Quelles solutions existent déjà ?
la liste proposée par CanIplaythat?, apporte de nombreuses pistes d’implémentations in-game de systèmes servant à l'accessibilité universelle. Certains peuvent paraître omniprésents et communs, mais ce sont de bon rappels de pourquoi et à qui ils servent. Pour ne donner que quelques exemples :
- Ajouter des options permettant d’ajuster le contraste.
- Un affichage intuitif des objets interactifs.
- Des indicateurs d’intensité sonore / un niveau de discrétion (imaginez l’œil de furtivité de Skyrim, par exemple).
- un sous-titrage lisible et indiquant le locuteur, et si possible, sa position par rapport au joueur.
- pouvoir reprogrammer les touches, toutes les touches.
- des options pour alléger les efforts physiques des QTE (quick time event).
- pouvoir désactiver les flash lumineux et colorés dans les animations et les cinématiques, ainsi que le flou visuel du au mouvement.
- une orientation spatiale par rapport au personnage et à la carte simple à lire.
- des options d’ajustement de couleurs (comme le mode daltonien de League of Legends).
Pour une liste plus complète, vous pouvez visiter la page des guides de CanIPlayThat? juste ici.
Les consoles se mettent également à proposer ces options, comme la PS4 et son menu d’accessibilité permettant d'ajuster les paramètres de lumières et de sons, ou bien la Xbox et son mode copilot, permettant de déporter différentes fonctionnalités sur deux manettes.
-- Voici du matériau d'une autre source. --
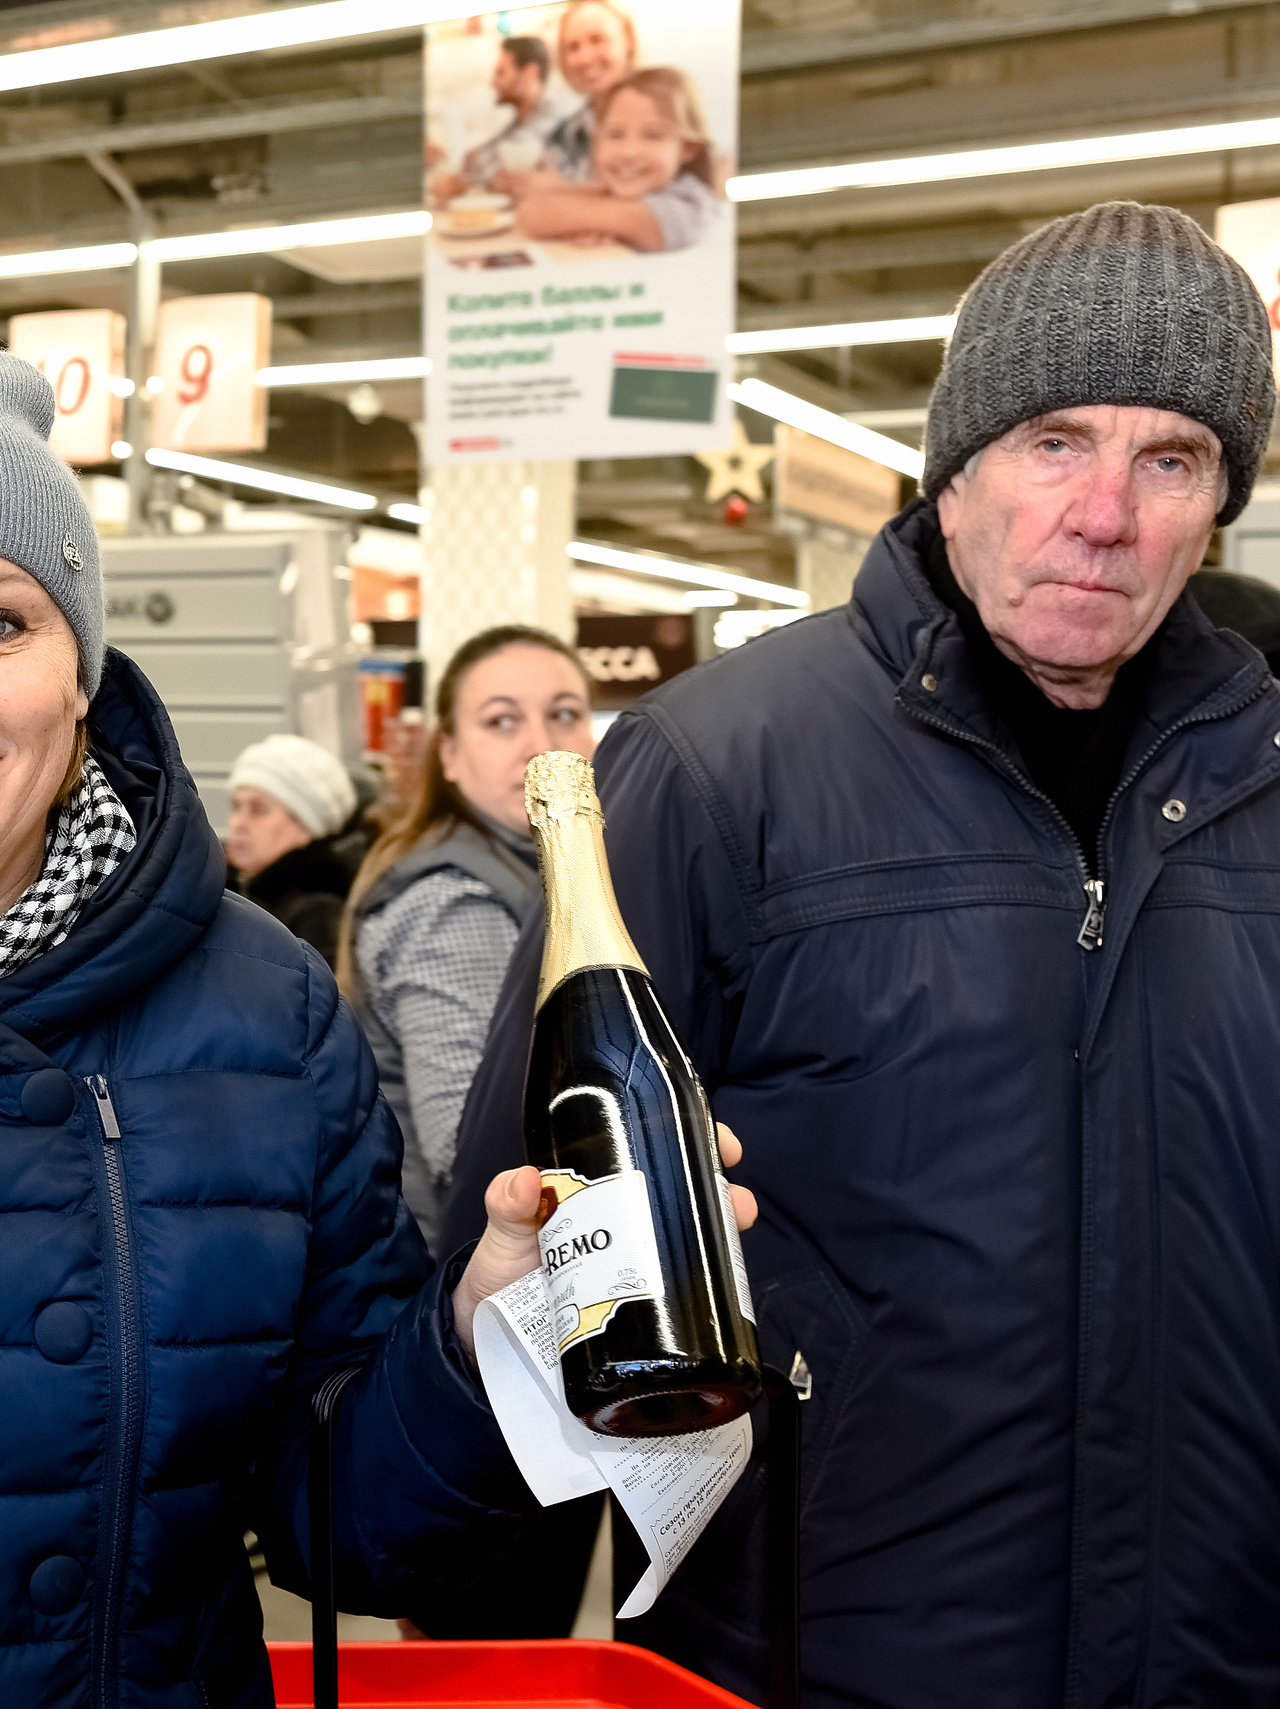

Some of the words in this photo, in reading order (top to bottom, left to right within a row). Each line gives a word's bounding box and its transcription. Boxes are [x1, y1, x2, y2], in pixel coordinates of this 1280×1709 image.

[38, 357, 90, 416] 0
[177, 344, 213, 406] 9
[542, 1229, 613, 1276] REMO
[524, 1315, 546, 1335] ИТОГ
[660, 1511, 682, 1535] Сезон
[683, 1459, 728, 1512] праздничных
[678, 1517, 686, 1528] 13
[687, 1507, 696, 1519] по
[697, 1494, 704, 1506] 15
On retrouve également des outils directement spécialisés comme le Xbox Adaptative Controller, un grand pas dans le combat pour l’accessibilité des joueurs en situation de handicap moteur.
Pourquoi en parler ?
En parler, c’est soutenir ces communautés de joueuses et joueurs qui ont des besoins et des attentes, et les inviter dans cette passion que nous partageons très certainement, vous qui lisez ces lignes, moi qui les écrits et ces personnes qui ne demandent qu’à être traitées dignement et pouvoir profiter aussi de leur jeu favori sans rencontrer une frustration qui est parfois quotidienne. Si c’est une échappatoire, un moment de plaisir et une source d’inspiration pour la majorité, alors le jeu vidéo peut l’être également pour n’importe qui.
Comme nous l’avons vu plus tôt, un nombre important de personnes sont en situation de handicap. des chiffres qui devraient grandir encore dans les années à venir : par exemple, la médecine de pointe sauve des vies avec parfois des séquelles là où la mort aurait frappé par le passé. De plus, le vieillissement général des populations qui ont grandit avec le jeu vidéo apporte de nouvelles catégories de joueurs. Il est même estimé qu’aux alentours de 2050, 1 personne sur 10 souffrira de déficience auditive.
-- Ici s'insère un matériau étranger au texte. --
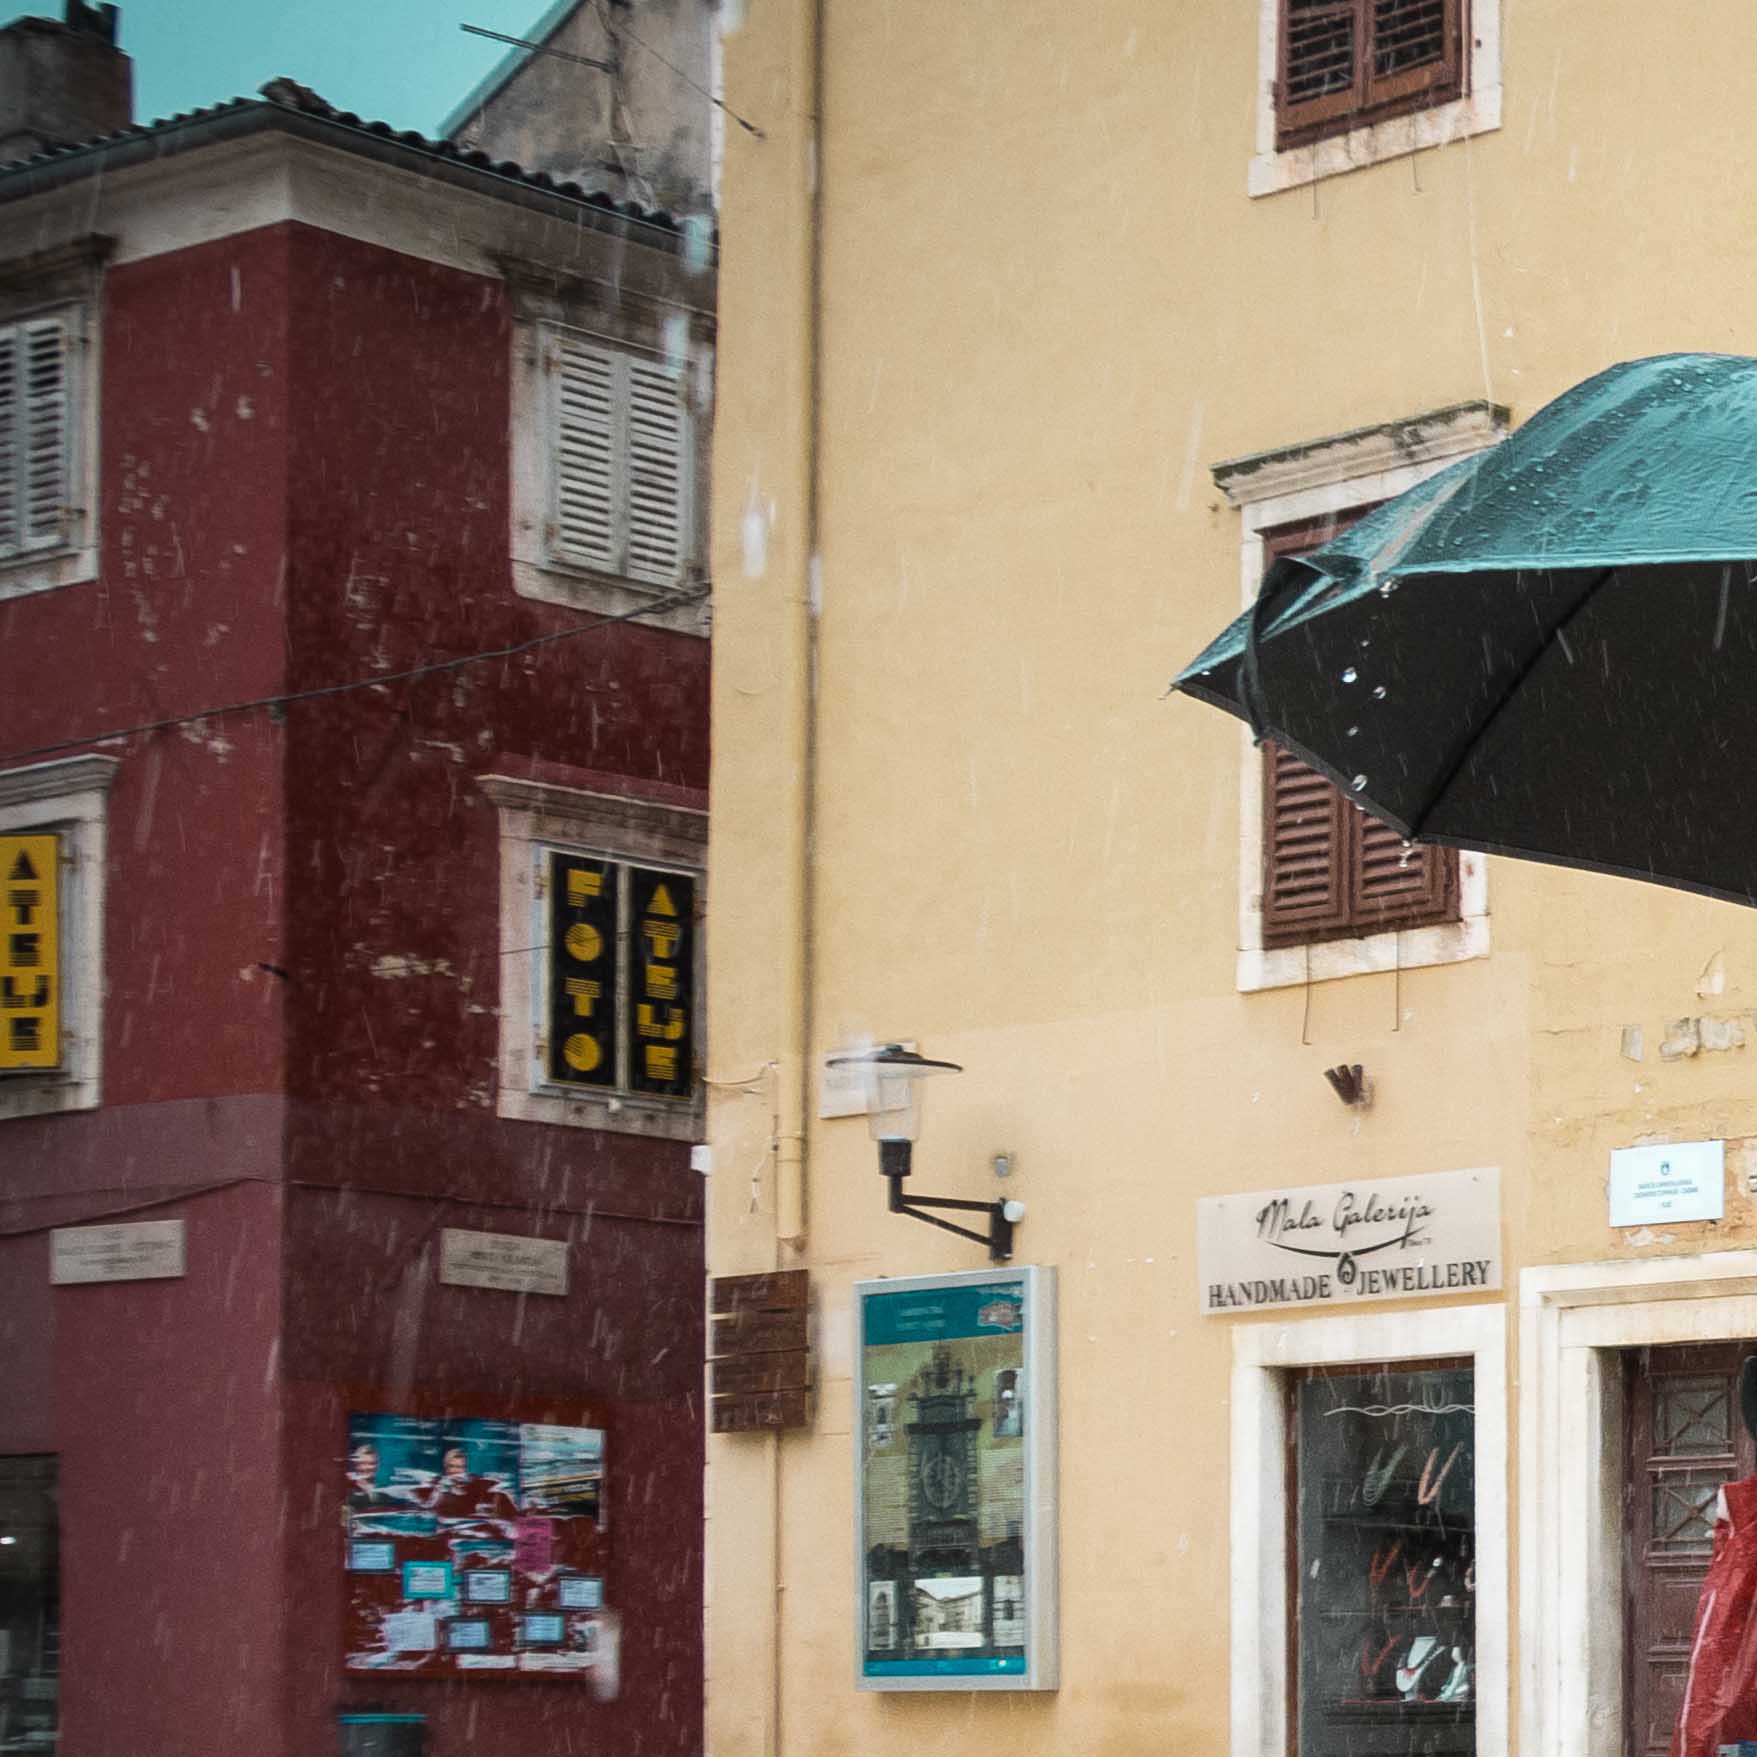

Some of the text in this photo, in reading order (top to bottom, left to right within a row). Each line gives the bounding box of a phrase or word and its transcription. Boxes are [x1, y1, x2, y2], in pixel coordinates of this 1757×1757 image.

[1, 849, 50, 1051] ATELJE
[564, 868, 604, 1073] FOTO
[637, 884, 686, 1081] ATELJE
[1208, 1260, 1491, 1308] HANDMADE JEWELLERY
[1256, 1191, 1436, 1249] Mala Galerija
Ces situations de handicap ont aussi tendance à créer un isolement social, chez des gens qui auraient peut-être pu trouver un refuge dans le gaming. Ces problèmes d’intégration sociale ne se résolvent pas par le silence, et nous pouvons être fiers de ceux soutenant l’accessibilité universelle dans l’industrie du jeu, comme les équipes à l'origine de The Last Of Us part II, Timecrest, Minecraft Dungeons et d’autres encore.
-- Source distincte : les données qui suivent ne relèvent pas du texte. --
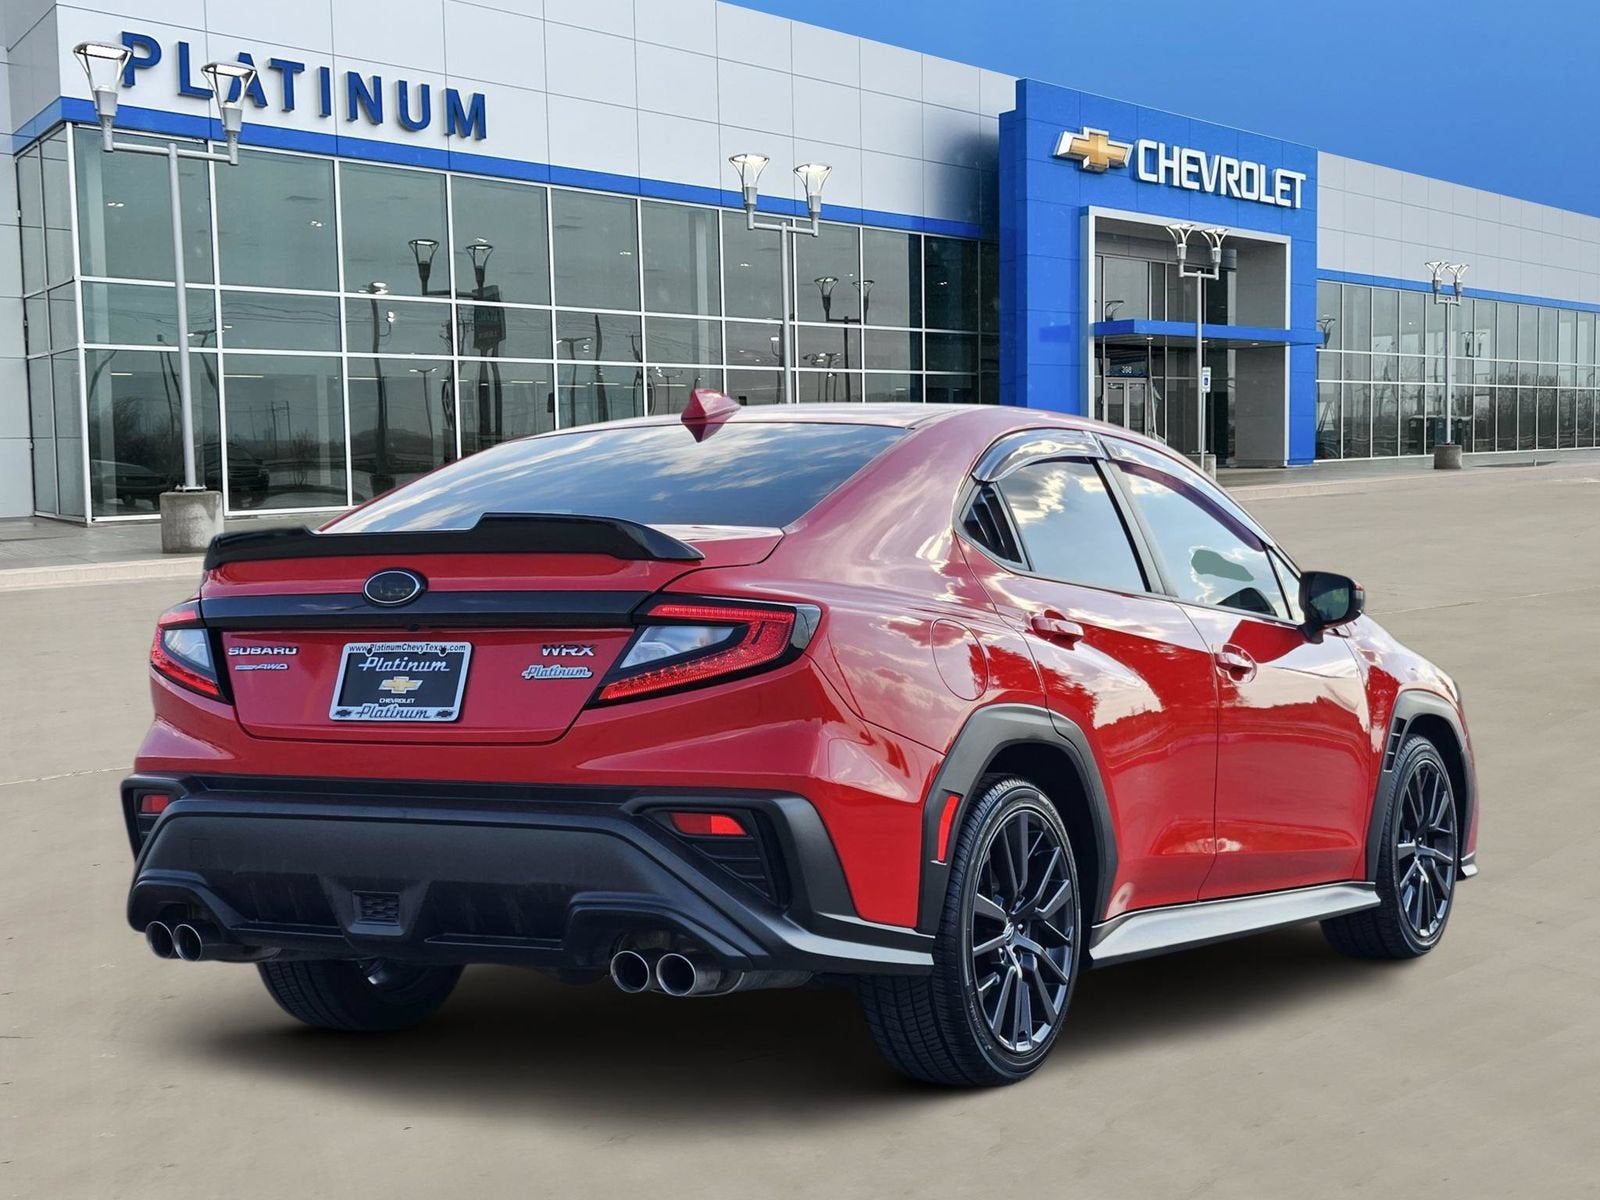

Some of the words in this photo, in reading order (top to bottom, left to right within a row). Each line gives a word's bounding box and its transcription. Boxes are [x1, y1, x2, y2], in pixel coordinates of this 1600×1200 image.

Ce ne sont là que des exemples qui démontrent les opportunités qui s’ouvrent à tous dans le JV, et qui permettent d’intégrer tous ceux qui le souhaitent, car dans notre communauté, tout le monde à sa place.
Je vous laisse méditer sur la question, et en attendant de vous retrouver sur un autre sujet, souvenez-vous : l'accessibilité est un jeu que l'on gagne tous.